Entrons dans l’immeuble. Premier détail : le courrier accumulé dans la boîte aux lettres. Nous ne doutons plus de la gravité de la situation. Mais ici, sur place, nous nous attendons au pire, et, pour le dire simplement, nous redoutons, la découverte de son corps – s’il était venu, contre toute apparence – ou la rencontre d’individus dangereux qui auraient mis la main sur ses clefs.

En effet, nous avons bien les clefs et le boîtier de désarmement de l’alarme, mais celui-ci est du type bouton d’action à distance. Donc, toute personne qui aurait pris possession du trousseau aurait libre accès au domicile.

Alors, pourquoi y allons-nous, avec ces craintes en tête ? Ne vaudrait-il pas mieux alerter la police, et attendre sagement ?

Certains le feraient et ils auraient probablement raison. Oui, mais nous ne devons pas être sages, au sens commun du terme. Ni peureux, ni risque-tout, nous sommes simplement poussés par une obligation d’action. Curiosité morbide ? Non ! Volonté de savoir, oui ! En jouant sur les grands mots, nous pourrions parler d’un devoir à accomplir. En restant plus pratiques, nous savons qu’il nous faut accumuler plus d’arguments pour faire appel à des autorités plus compétentes.

Quant à cet appel – ces appels, devrions-nous dire – nous verrons plus loin ce qu’ils deviendront… et ce ne sera pas à la gloire des services spécialisés.

Nous voici dans l’escalier. Évitons l’ascenseur, le modèle boîte à sardines, vitré, lent, tout du modèle film de gangsters où les imprudents se font piéger. De plus, à raison d’un seul appartement par étage, impossible de prétendre nous diriger ailleurs en cas de rencontre inopinée.

Une oreille attentive collée à la porte. Rien ! Décision prise, je désarme le système, nous entrons précautionneusement. Le sort en est jeté. Si c’est un piège, nous nous jetons dans la gueule du loup, en espérant une retraite rapide tandis que Pierre se prépare à un combat possible. Il n’a jamais été peureux, et, bien qu’ayant « raccroché les gants », son niveau de pratique des arts martiaux n’était pas négligeable. « Idiotie » diront certains. Peut-être, mais… nous sommes dans la place, que nous parcourons rapidement. Rien !

Je vais aux fenêtres glisse un regard entre deux rideaux, et… il est là. Lui, le gros bonhomme assis sur le banc, avec son imperméable gris qui détonne et sa grosse tête ronde. L’image parfaite du Russe qui n’a rien à faire ici, sauf…

Nous évitons tout bruit, vérifions que la porte blindée est bien verrouillée, sommes prêts à tout… y compris à regretter notre venue, mais sans oublier de nous préparer pour tout changement brutal de situation.
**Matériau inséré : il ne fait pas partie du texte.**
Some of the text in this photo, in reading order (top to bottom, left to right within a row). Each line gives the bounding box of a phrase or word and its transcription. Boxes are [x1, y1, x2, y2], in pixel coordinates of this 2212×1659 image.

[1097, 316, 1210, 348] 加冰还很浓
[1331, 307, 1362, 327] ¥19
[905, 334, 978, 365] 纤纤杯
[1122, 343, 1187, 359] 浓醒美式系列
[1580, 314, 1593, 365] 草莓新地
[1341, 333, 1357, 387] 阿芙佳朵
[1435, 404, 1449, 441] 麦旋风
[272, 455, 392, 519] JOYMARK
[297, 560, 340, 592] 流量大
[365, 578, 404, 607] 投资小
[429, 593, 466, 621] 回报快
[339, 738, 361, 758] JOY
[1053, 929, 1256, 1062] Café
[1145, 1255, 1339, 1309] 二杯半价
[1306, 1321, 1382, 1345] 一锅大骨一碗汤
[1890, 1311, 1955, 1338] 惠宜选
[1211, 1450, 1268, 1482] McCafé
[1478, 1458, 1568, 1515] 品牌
Le gros, en bas, ne bouge pas. La rue Newton, bien que proche de la place de l’Étoile, est peu passante, les touristes n’ont rien à y voir ni à y faire. Même l’avenue Marceau, à ce niveau, participe de ce calme.
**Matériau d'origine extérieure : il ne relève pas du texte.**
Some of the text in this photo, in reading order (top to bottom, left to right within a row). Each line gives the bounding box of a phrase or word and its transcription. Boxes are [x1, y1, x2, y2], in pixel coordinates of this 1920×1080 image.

Les minutes passent. Par les ouvertures des différents rideaux, la surveillance des alentours s’organise : les rues adjacentes, les piétons un peu hésitants, les voitures stationnées, celles qui semblent chercher une place, et même les fenêtres voisines.

Je suis là, à écrire ces souvenirs, et le bonhomme évoqué plus haut est reparti, bien tranquillement, du moins en apparence, car si aucun fil ne le reliait à notre affaire, sauf celui, plus que ténu de nos craintes, qui connaîtra jamais les siennes et son destin ? Ainsi va l’une des grandes réalités du monde : nous ignorons notre entourage, et, jusqu’à un certain point, ceux que nous appelons nos proches nous sont étrangers. Et peut-être vaut-il mieux qu’ils le restent, car, éclairer les recoins de leur personnalité, nécessite une lumière bien vive et blessante. C’est ce qui m’arrive.

Commentaire (1)

  • Annie et Renato| 20 avril 2019

    C est …super le récit de l histoire !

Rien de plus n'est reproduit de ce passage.